### Given entries ###

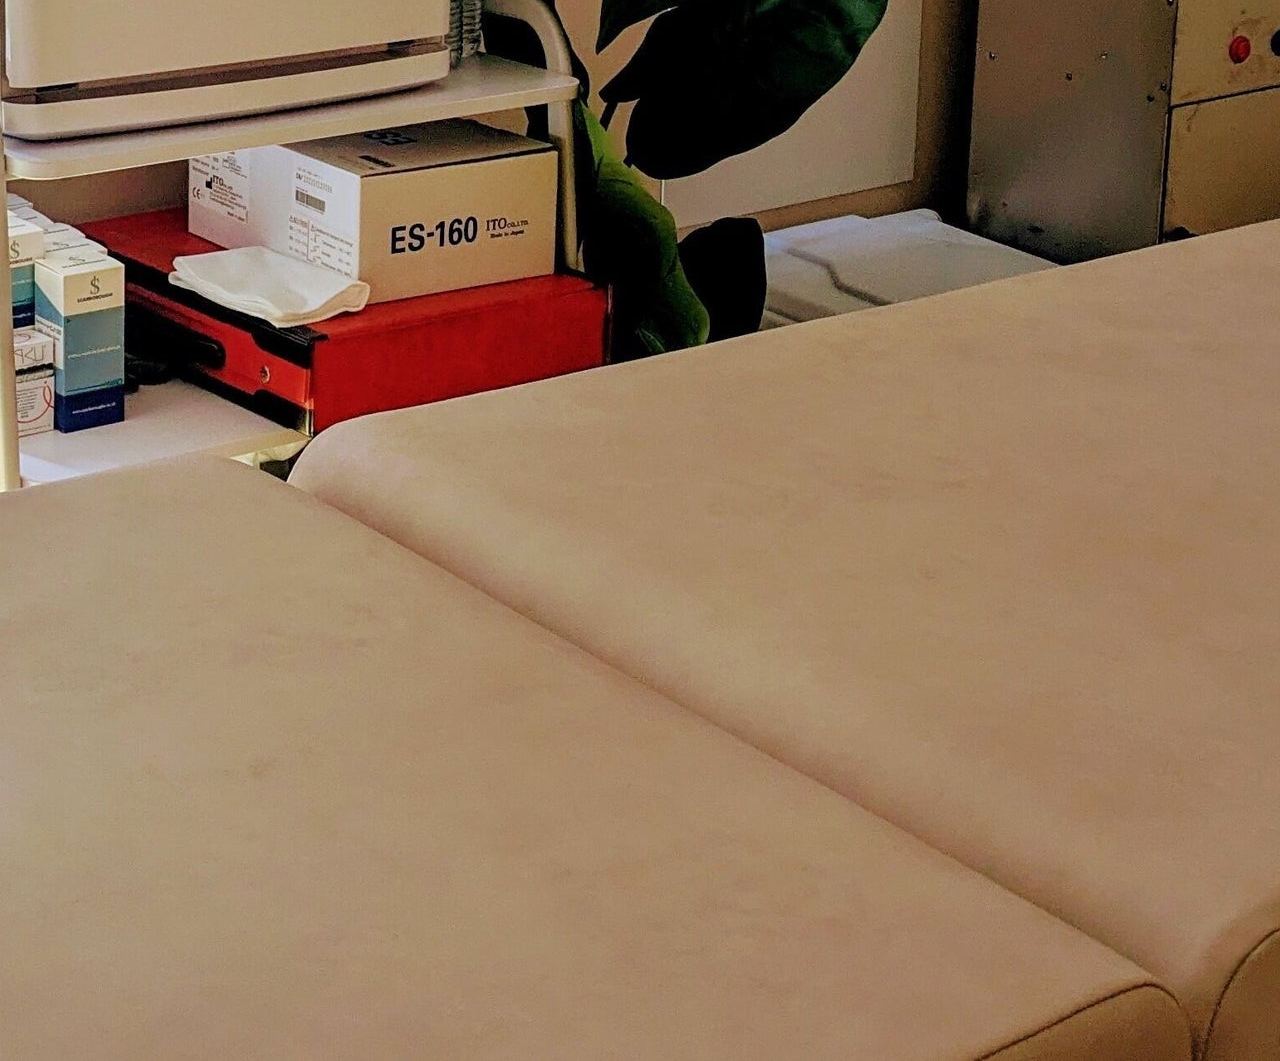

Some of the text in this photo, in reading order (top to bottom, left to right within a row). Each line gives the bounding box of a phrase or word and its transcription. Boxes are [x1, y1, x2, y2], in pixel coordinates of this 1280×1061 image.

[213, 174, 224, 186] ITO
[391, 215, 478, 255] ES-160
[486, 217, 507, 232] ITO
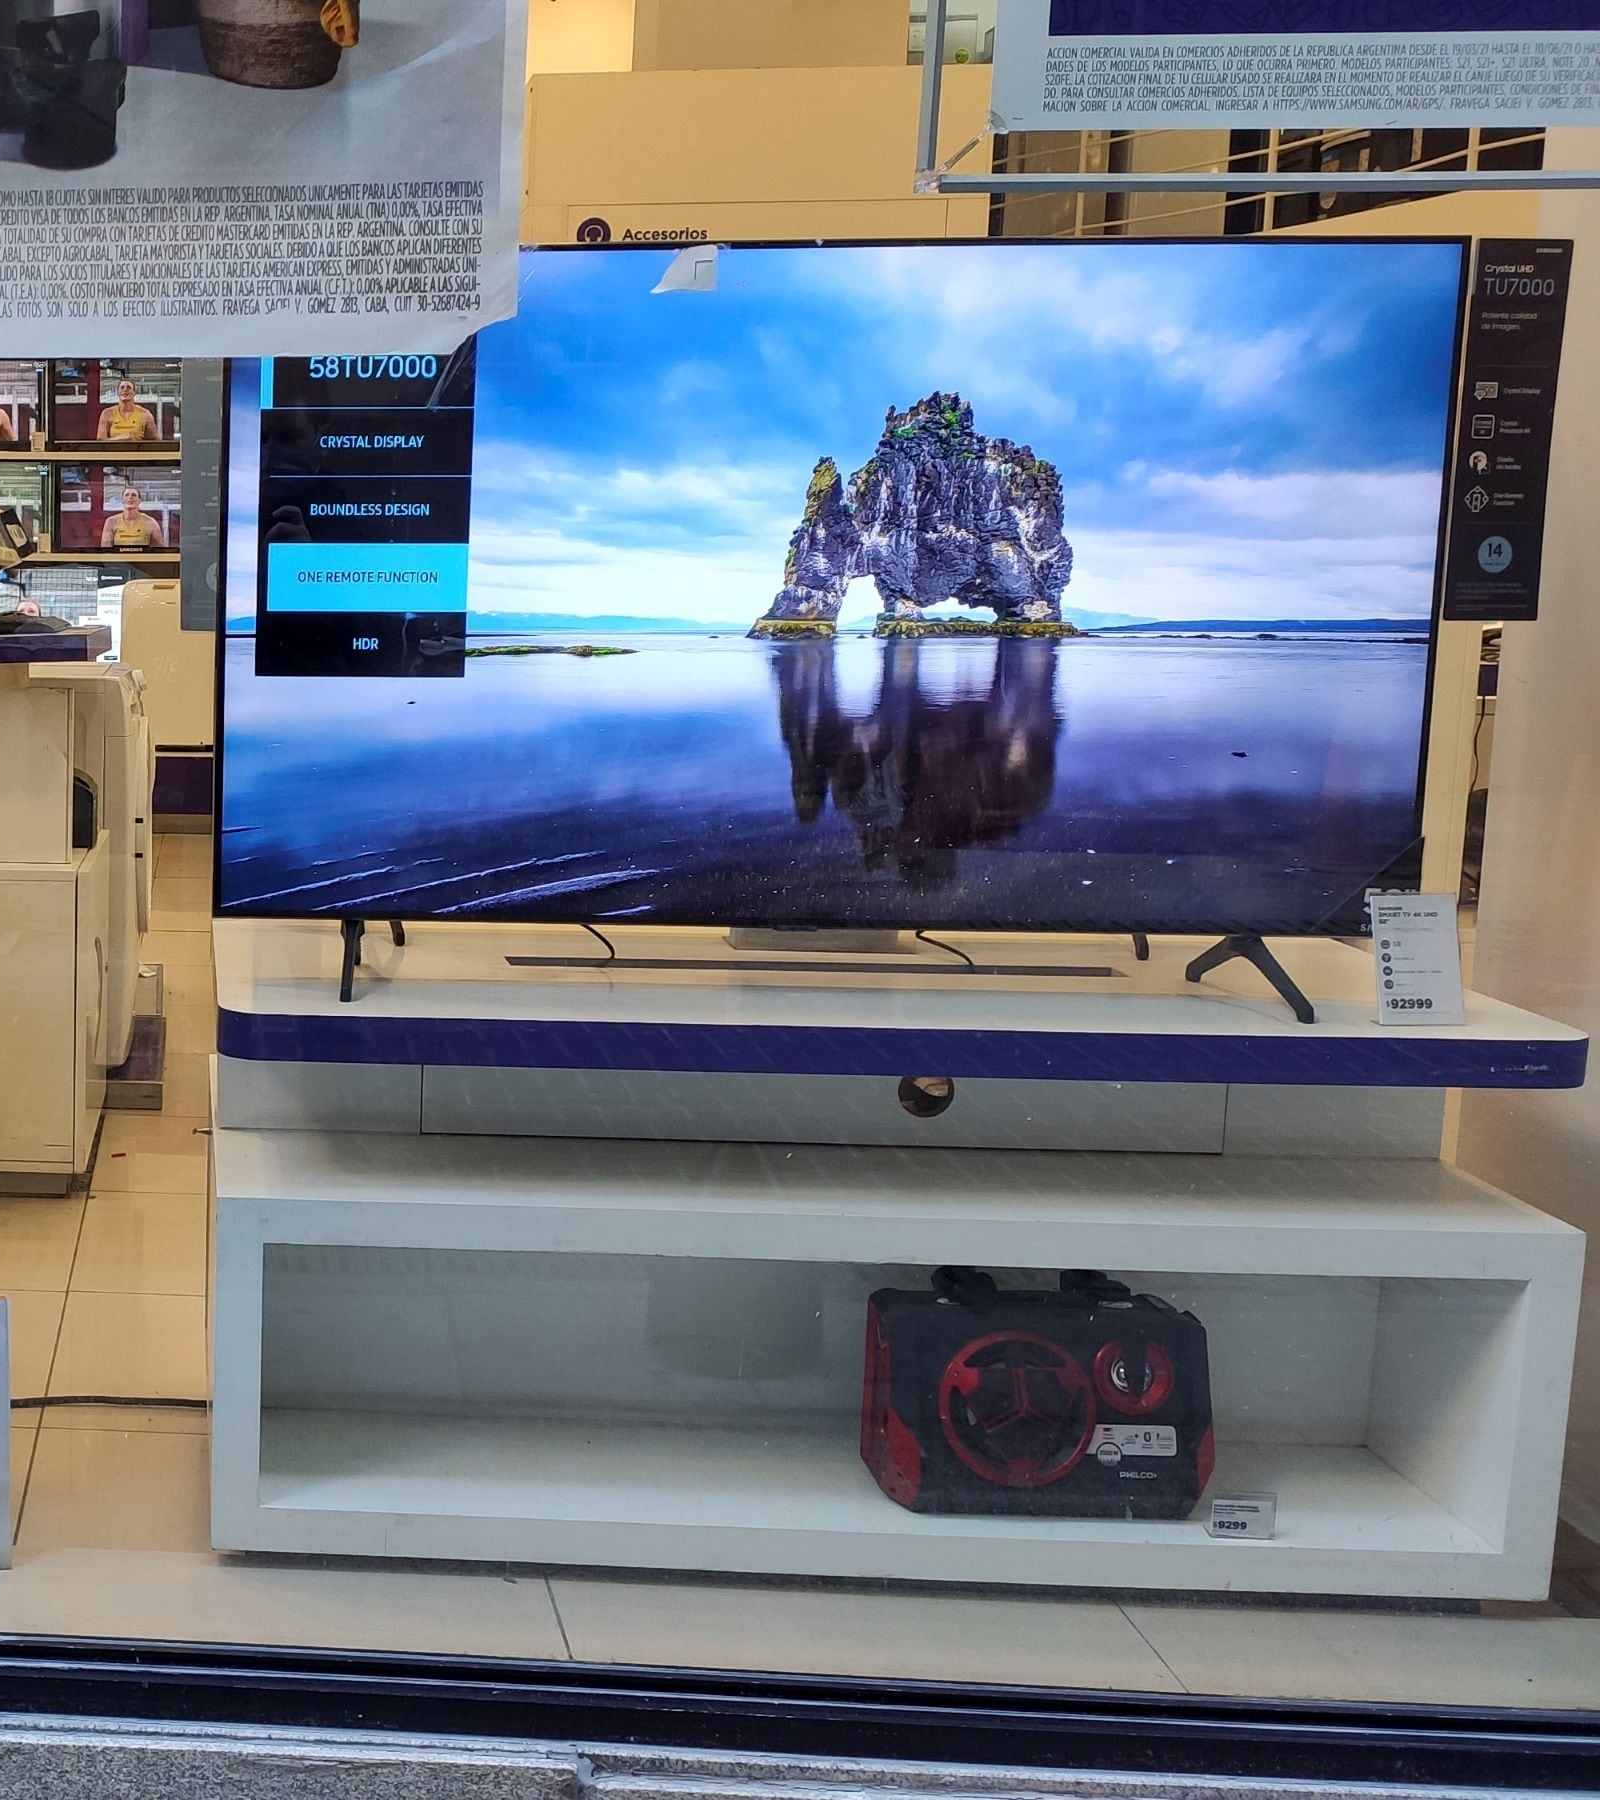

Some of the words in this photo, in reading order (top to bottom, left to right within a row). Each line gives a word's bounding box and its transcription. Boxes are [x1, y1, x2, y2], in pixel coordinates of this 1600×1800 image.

###

What you need to do ->
Would you give the entries above again verbatim, omitting the images they contain?

Solution for this task ->
Some of the text in this photo, in reading order (top to bottom, left to right within a row). Each line gives the bounding box of a phrase or word and its transcription. Boxes are [x1, y1, x2, y2], in pixel coordinates of this 1280×1061 image.

[213, 174, 224, 186] ITO
[391, 215, 478, 255] ES-160
[486, 217, 507, 232] ITO

Some of the words in this photo, in reading order (top to bottom, left to right within a row). Each line gives a word's bounding box and its transcription. Boxes are [x1, y1, x2, y2], in pixel coordinates of this 1600×1800 image.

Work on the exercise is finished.